Yorkshire Live reports that Love Exploring has named Haworth as the prettiest village in Yorkshire.
"Haworth, forever tied to the Brontë sisters, inspired seminal novels like Jane Eyre and The Tenant of Wildfell Hall. The village’s cobbled streets preserve its 19th-century grace while its stone-built houses, often constructed from locally quarried gritstone, give the buildings their distinct earthy hue," writes Love Exploring, which placed Haworth at number five on its list of England's prettiest villages.
"The neighbouring South Pennine moors – central to Emily Brontë’s Wuthering Heights – feature wild moors, which in summer are painted purple and green by blooming heather and bilberry."
The Brontës are the world's most famous literary family and Haworth Parsonage was their home from 1820 to 1861. Charlotte, Emily and Anne were the authors of some of the best-loved books in the English language. The museum holds the world's largest collection of original Brontë items, including furniture, books, paintings and clothes.
Haworth's traffic-free high street is glorious, laid with setts and curling down the hill from the church to central park, with the moors rising behind the sandstone houses on the other side of the Worth Valley
There's surely no more romantic way to travel the moorland of Brontë Country than in a steam-drawn carriage. The railway has strong cultural links too — the beautiful Oakworth Station appeared in the 1970 children's classic The Railway Children.
Haworth is surrounded by the moors, making it a great place for walks, with trails leading through landscapes that inspired some of the greatest works in English literature. The most popular walk is to the Brontë Waterfall, easily reached from Penistone Hill country park. It is mainly flat with fantastic views of the moors.
Above Haworth, a little way up the Brontë Way from the waterfall, stands the desolate ruin of an old farmhouse. A plaque was placed here by the Brontë Society in 1964, musing that the moors here may have been in Emily Brontë's mind when she chose a location for Wuthering Heights.
Haworth is a hub of unique independent shops, from art to clothes, jewellery to fine gifts, fancy toiletries, books and homewares . Its main street is made up of immaculately kept old-fashioned shop fronts and welcoming shopkeepers. Visit Bradford
Haworth also has a great pub scene serving traditional Yorkshire ales. Some of the old pubs like the Black Bull are believed to be haunted by Branwell, the only brother of the Brontë sisters and a family black sheep. (Milo Boyd)

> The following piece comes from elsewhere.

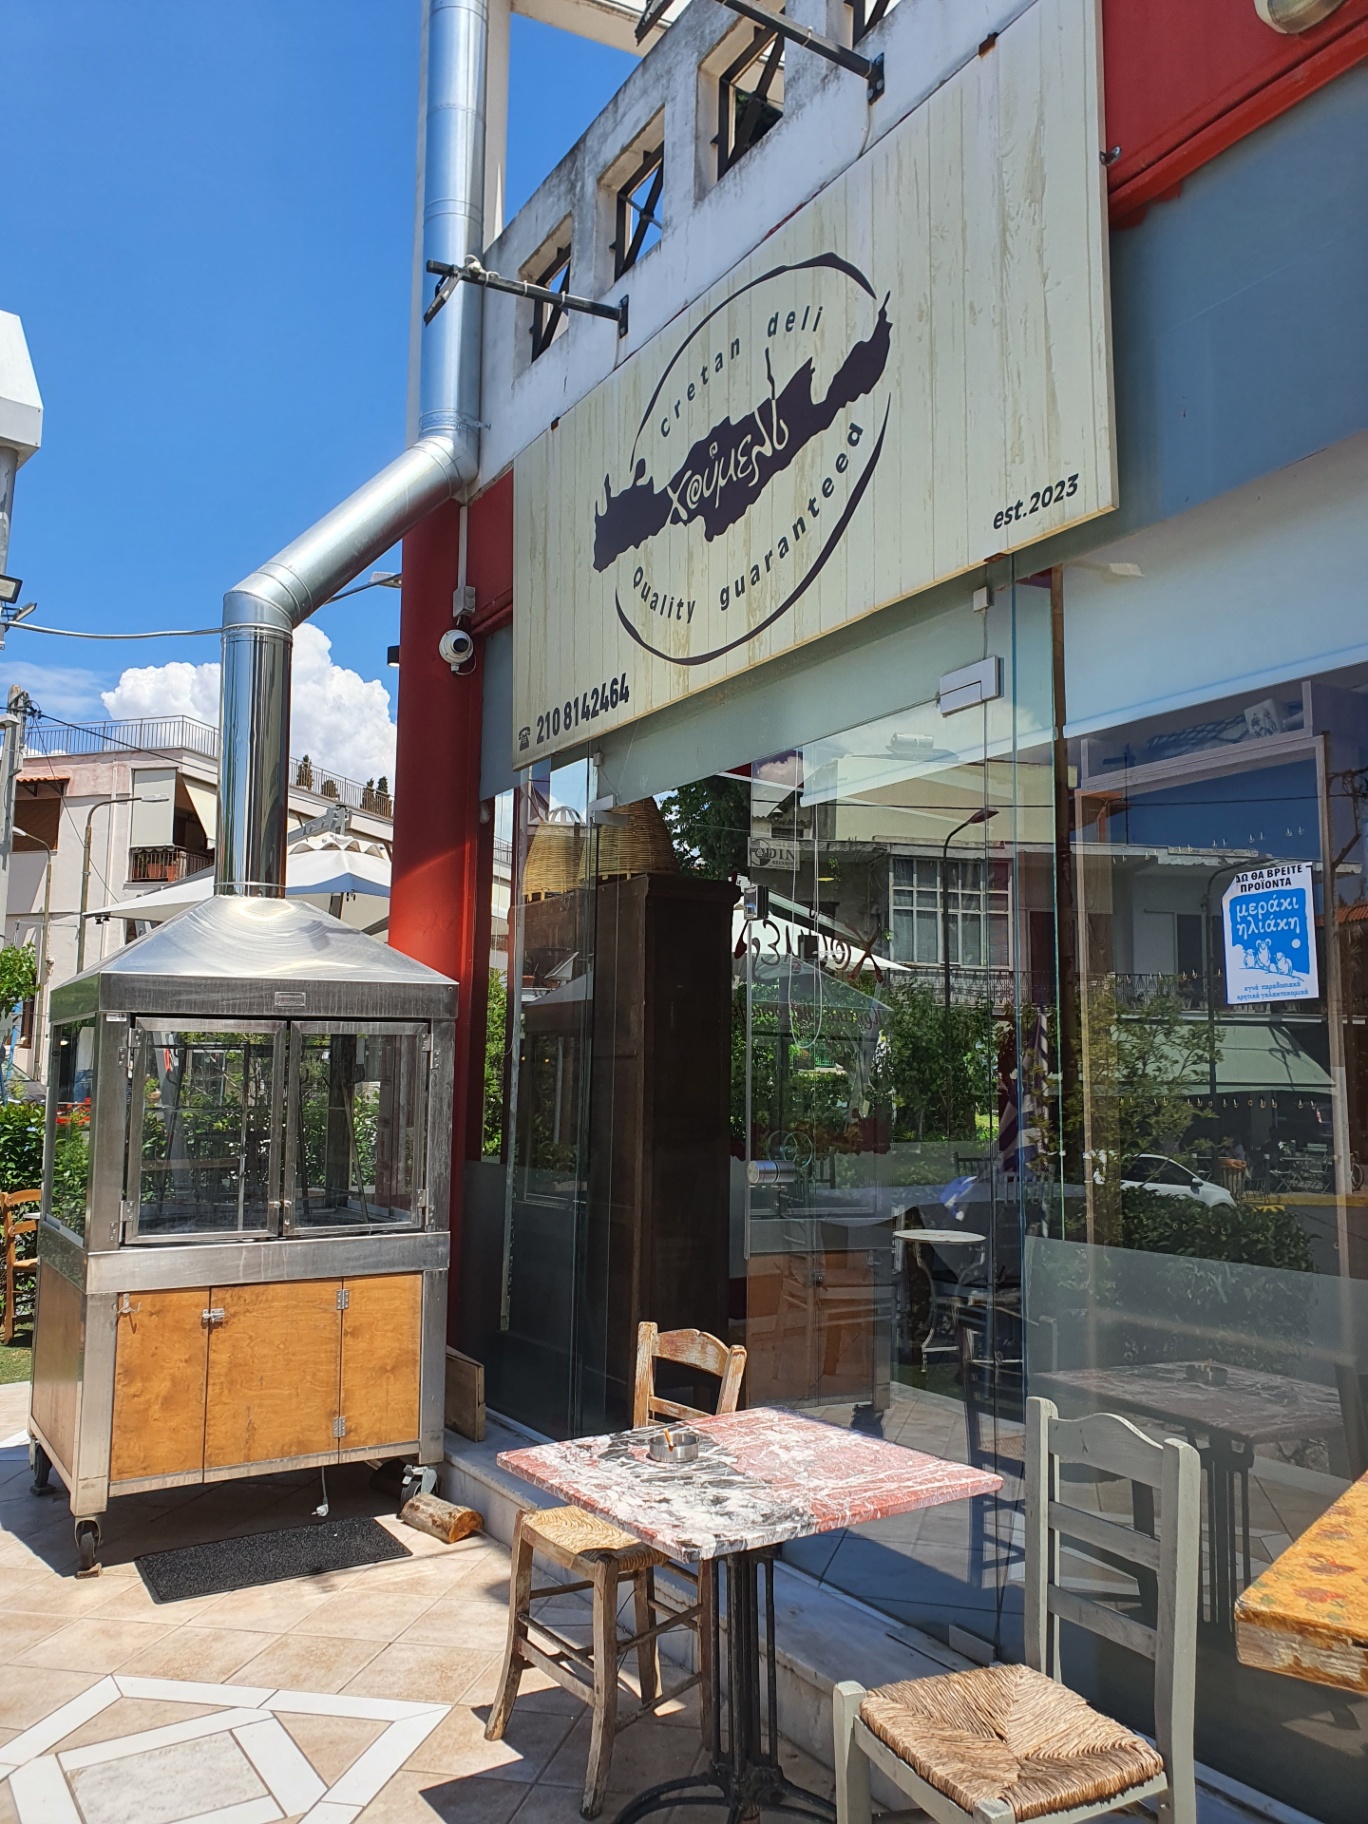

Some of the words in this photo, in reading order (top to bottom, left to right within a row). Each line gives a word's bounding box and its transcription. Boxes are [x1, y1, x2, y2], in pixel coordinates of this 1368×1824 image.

Elle has picked 'The Best Songs of 2026' (because 'Spotify Wrapped season is mere months away') and one of them is
Dying for You” by Charli XCX
“Charli XCX knows pop music. As one of its hardest-working pioneers, she can alchemize a hook out of any emotion—a skill she wields to great effect on her companion album for Emerald Fennell’s cinematic adaptation of Wuthering Heights. On ‘Dying for You,’ she clearly understood her assignment, deploying frenzied strings and a bombastic chorus to capture the headlong rush of Cathy and Heathcliff’s onscreen relationship. It also wouldn’t sound out of place on The CW’s Gossip Girl, which makes it a perfect soundtrack song.”—Daniel Taroy, director, social and video
Ara features the last episode of the podcast Punkis Decimonòniques, which was, like the first, about Agnes Grey.
The origin of it all is a question: "You, who are so feminist, how is it that you like Jane Austen or the Brontës?" they told her. "Precisely because of that!" Pujals replies. "There was a need to explain that behind the image of teacups there is a lot of feminist activism". "We have talked about economics, class struggle, the position of women, very serious things and with rigor, but adapted to the millennial and Z generations," adds Freixenet. After all, "Jane Austen invented the "ghosting" and Anne Brontë warned of the red flags of toxic masculinity, as we learned on Wednesday, who cited Rosalía and the Starks.
The last chapter is an hour and a half of juice about the life and work of the youngest of the Brontë sisters and her "moralistic and raw" Agnes Grey. For Pujals, it is "a great guide to navigating your thirties; there are phrases that seem to be taken from Substack, and as a good millennial, she clearly has imposter syndrome." Despite the literary quality of the work, however, she is not the most popular author. It turns out that it was the elder sister, Charlotte ("Jane Eyre), the last of the Brontës to die, who blurred Anne's image as simply "pious and bland" and curbed the dissemination of her work, especially that inspired by her alcoholic brother. "She was the sister with more class consciousness, the most radical," they argue. And that is why she is chosen to close the podcast, which ended with the same phrase as Agnes Grey": "I feel like I've talked enough." (Laura Serra)
That last quote is a direct translation from the Spanish ttranslation. Anne's actual words were 'And now I think I have said sufficient'.